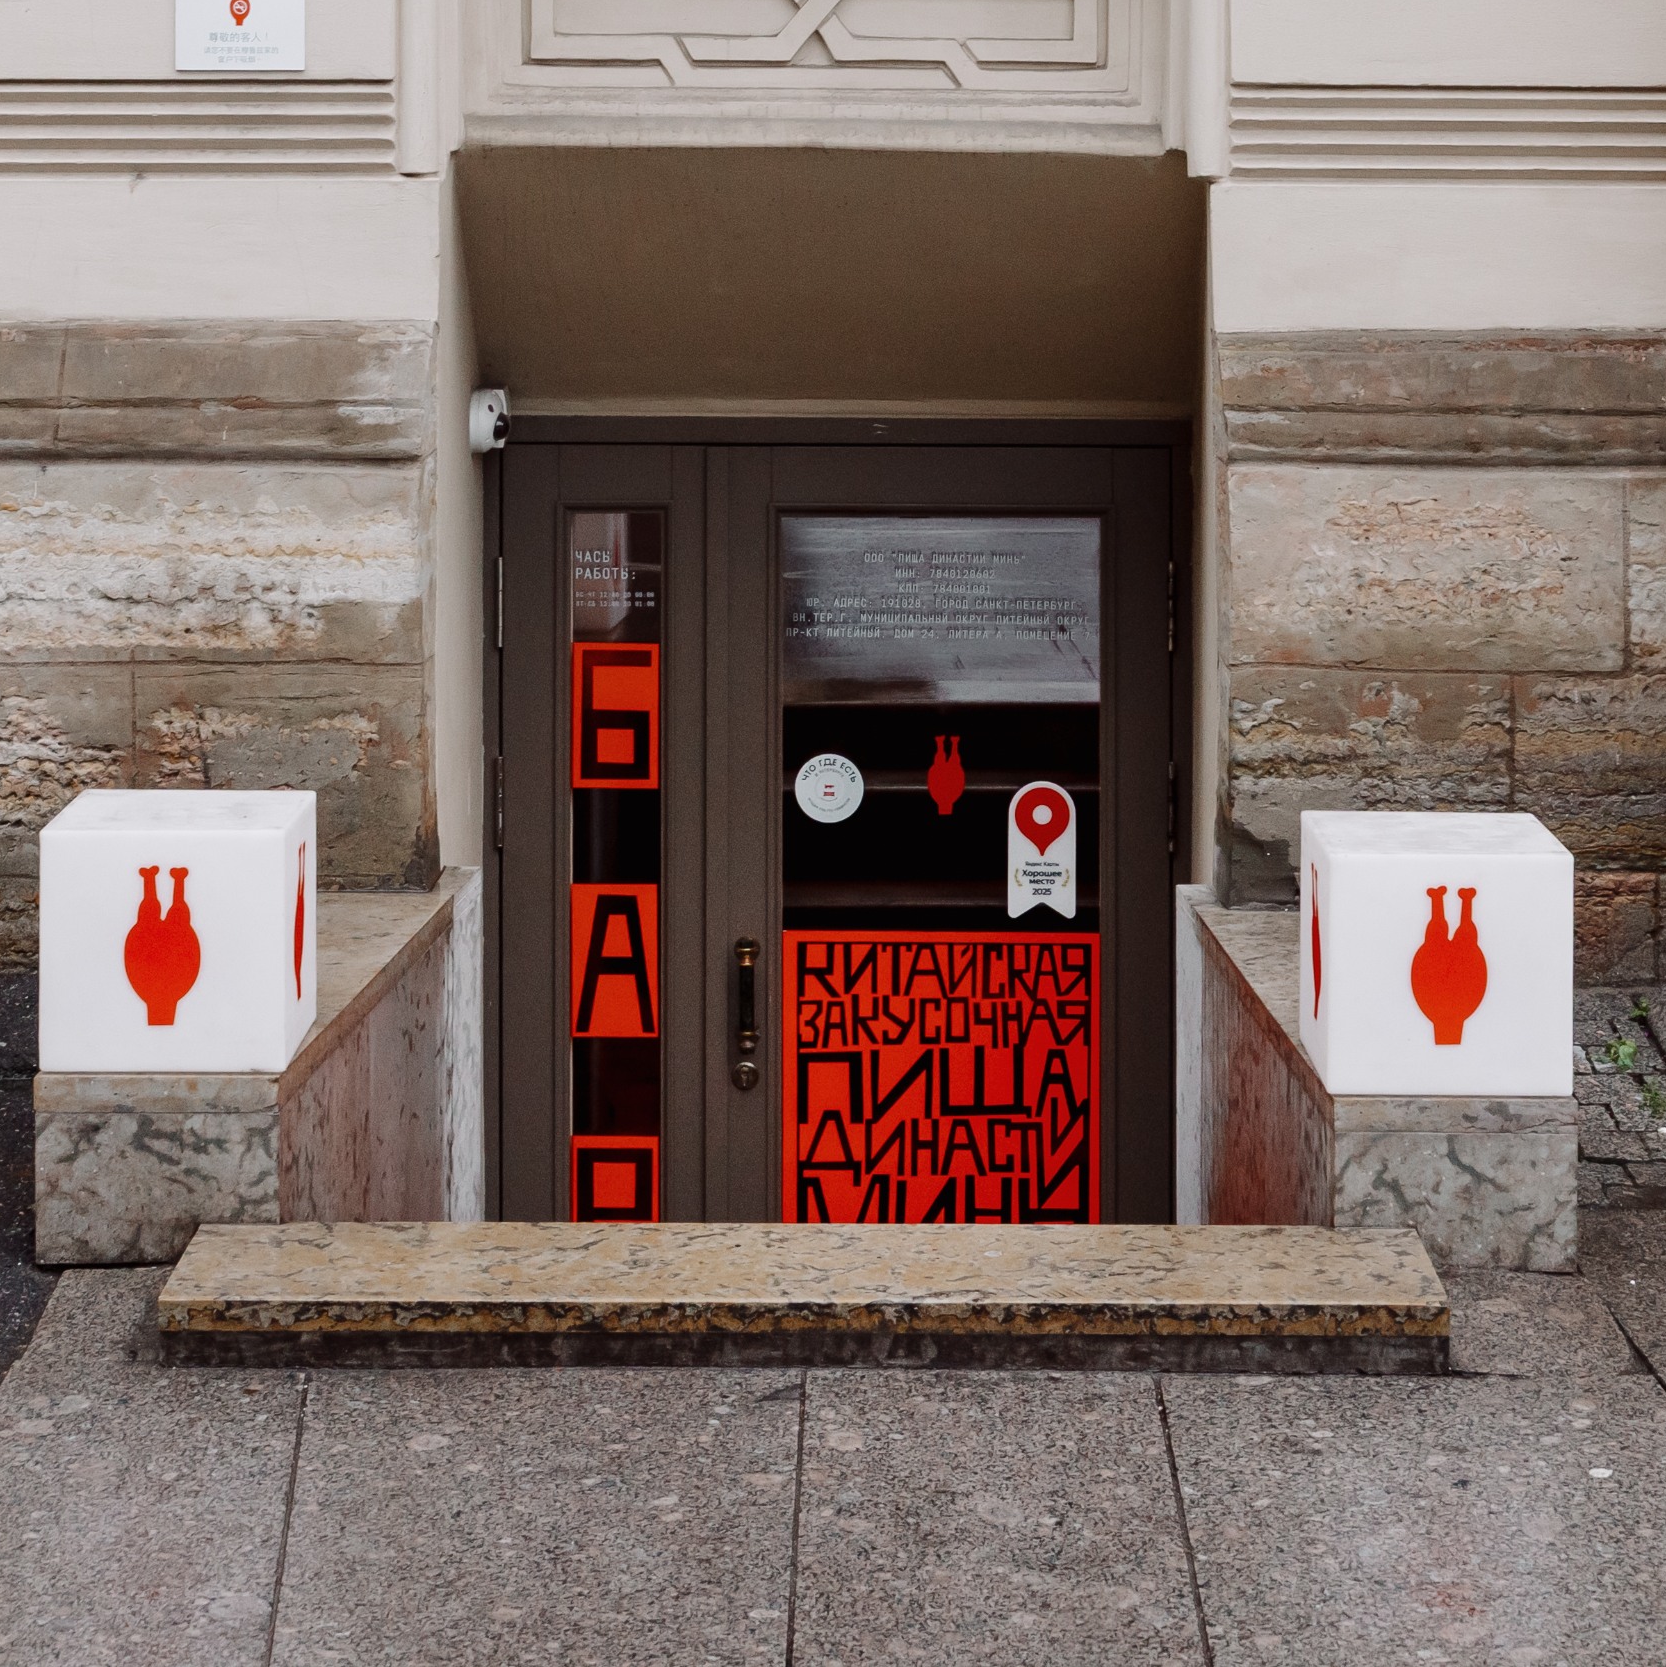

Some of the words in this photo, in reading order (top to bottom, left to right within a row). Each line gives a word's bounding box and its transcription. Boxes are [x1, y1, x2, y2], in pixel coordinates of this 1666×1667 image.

[575, 550, 610, 563] ЧАСЫ
[864, 554, 884, 563] ООО
[932, 554, 986, 564] ДИНАСТИИ
[575, 567, 636, 580] РАБОТЫ:
[895, 568, 921, 578] ИНН:
[930, 569, 995, 579] 7840120602
[898, 584, 924, 593] КПП:
[806, 598, 825, 607] ЮР.
[834, 598, 873, 608] АДРЕС:
[935, 599, 969, 609] ГОРОД
[860, 612, 948, 624] МУНИЦИПАЛЬНЫЙ
[956, 614, 988, 624] ОКРУГ
[1057, 616, 1090, 625] ОКРУГ
[786, 627, 819, 637] ПР-КТ
[894, 629, 914, 639] ДОМ
[949, 630, 988, 639] ЛИТЕРА
[1016, 631, 1076, 641] ПОМЕЩЕНИЕ
[802, 764, 816, 781] ЧТО
[819, 758, 837, 767] ГДЕ
[840, 762, 857, 783] ЕСТЬ
[1022, 869, 1062, 878] Хорошее
[798, 941, 1091, 999] КИТАЙСКАЯ
[799, 994, 1090, 1049] ЗАКУСОЧНАЯ
[798, 1044, 1083, 1124] ПИЩА
·····
### Aim of the exercise:
Repeat the records verbatim, excluding pictures.

### Task output:
Some of the words in this photo, in reading order (top to bottom, left to right within a row). Each line gives a word's bounding box and its transcription. Boxes are [x1, y1, x2, y2], in pixel coordinates of this 1666×1667 image.

[575, 550, 610, 563] ЧАСЫ
[864, 554, 884, 563] ООО
[932, 554, 986, 564] ДИНАСТИИ
[575, 567, 636, 580] РАБОТЫ:
[895, 568, 921, 578] ИНН:
[930, 569, 995, 579] 7840120602
[898, 584, 924, 593] КПП:
[806, 598, 825, 607] ЮР.
[834, 598, 873, 608] АДРЕС:
[935, 599, 969, 609] ГОРОД
[860, 612, 948, 624] МУНИЦИПАЛЬНЫЙ
[956, 614, 988, 624] ОКРУГ
[1057, 616, 1090, 625] ОКРУГ
[786, 627, 819, 637] ПР-КТ
[894, 629, 914, 639] ДОМ
[949, 630, 988, 639] ЛИТЕРА
[1016, 631, 1076, 641] ПОМЕЩЕНИЕ
[802, 764, 816, 781] ЧТО
[819, 758, 837, 767] ГДЕ
[840, 762, 857, 783] ЕСТЬ
[1022, 869, 1062, 878] Хорошее
[798, 941, 1091, 999] КИТАЙСКАЯ
[799, 994, 1090, 1049] ЗАКУСОЧНАЯ
[798, 1044, 1083, 1124] ПИЩА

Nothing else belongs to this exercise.